JASON TATE, PLAINTIFF,
v.
C.O. KUBANEY, ET AL,
DEFENDANTS.



The opinion of the court was delivered by: Magistrate Judge Susan Paradise Baxter

MEMORANDUM OPINION

On Defendant Brooks' Motion to Dismiss Magistrate Judge Susan Paradise Baxter*fn1

A.Relevant Procedural History

Plaintiff Jason Tate, acting pro se, initiated this civil rights action on July 24, 2009. Plaintiff alleges that during a period of incarceration at SCI-Albion, Defendants violated his constitutional rights under the First, Eighth and Fourteenth Amendments in various ways. Plaintiff originally named Correctional Officer Sgt. Kubaney, Correctional Officer Boyd, Superintendent Brooks, and the "Department of Corrections Albion" as Defendants to this action.

Later, Plaintiff retained counsel, who filed an Amended Complaint on Plaintiff‟s behalf on October 25, 2010, clarifying his claims for relief and eliminating the Department of Corrections as a defendant. Plaintiff alleges that he was assaulted by Defendant Kubaney and that the other Commonwealth Defendants bear some responsibility for that assault and the subsequent retaliation he suffered.*fn2 Plaintiff advances three claims under § 1983: an excessive force claim against Kubaney, Brooks, and Boyd; a violation of liberty interest in personal security under the Fourteenth Amendment against Kubaney and Brooks and Boyd; and an unlawful retaliation against Brooks. Further, Plaintiff advances a claim of assault, battery, and willful misconduct sounding in state tort law against Defendant Kubaney.
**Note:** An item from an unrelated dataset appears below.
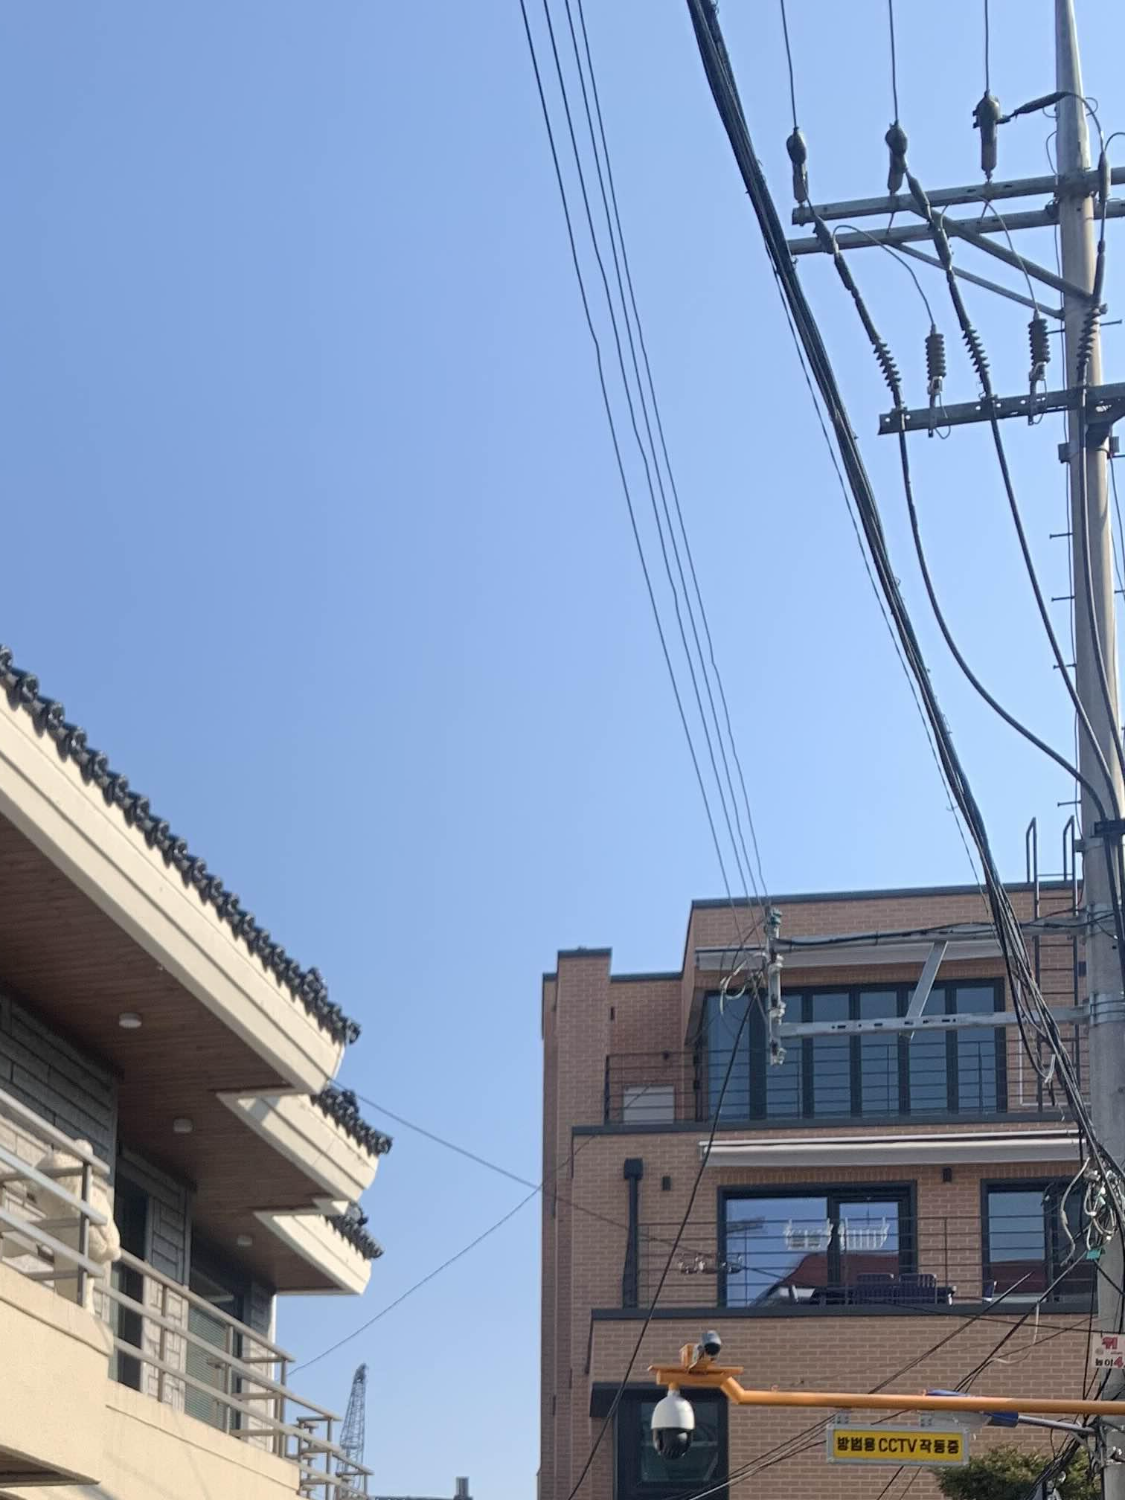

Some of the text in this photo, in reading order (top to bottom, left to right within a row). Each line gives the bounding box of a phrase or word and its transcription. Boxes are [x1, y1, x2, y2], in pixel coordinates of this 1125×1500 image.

Defendant Kubaney is represented by private counsel, while the remaining Defendants are represented by the Attorney General of the Commonwealth.

In response to the Amended Complaint, Defendants Boyd and Brooks, represented by the Attorney General‟s office, filed a motion to dismiss. ECF No. 36. Thereafter, Plaintiff voluntarily withdrew all of his claims against Defendant Boyd. See ECF No. 42, 43, and Text Order dated January 3, 2011. Presently pending before this Court is Defendant Brooks‟ motion to dismiss [ECF No. 36] and Plaintiff‟s motion for partial summary judgment against Defendant Kubaney [ECF No. 44]. This Memorandum Opinion limits itself to Defendant Brooks‟ motion to dismiss and a separate Memorandum Opinion will be issued as to Plaintiff‟s motion for summary judgment.

This pending motion has been fully briefed and is ripe for disposition by this Court.

B.Standard of Review on Motion to Dismiss pursuant to 12(b)(6)

A motion to dismiss filed pursuant to Federal Rule of Civil Procedure 12(b)(6) must be viewed in the light most favorable to the plaintiff and all the well-pleaded allegations of the complaint must be accepted as true. Erickson v. Pardus, 551 U.S. 89, 93-94 (2007). A complaint must be dismissed pursuant to Rule 12 (b)(6) if it does not allege "enough facts to state a claim to relief that is plausible on its face." Twombly, 550 U.S. at 570 (rejecting the traditional 12 (b)(6) standard set forth in Conley v. Gibson, 355 U.S. 41 (1957)). See also Ashcroft v. Iqbal, ___ U.S. ___, 129 S.Ct. 1937 (2009) (specifically applying Twombly analysis beyond the context of the Sherman Act).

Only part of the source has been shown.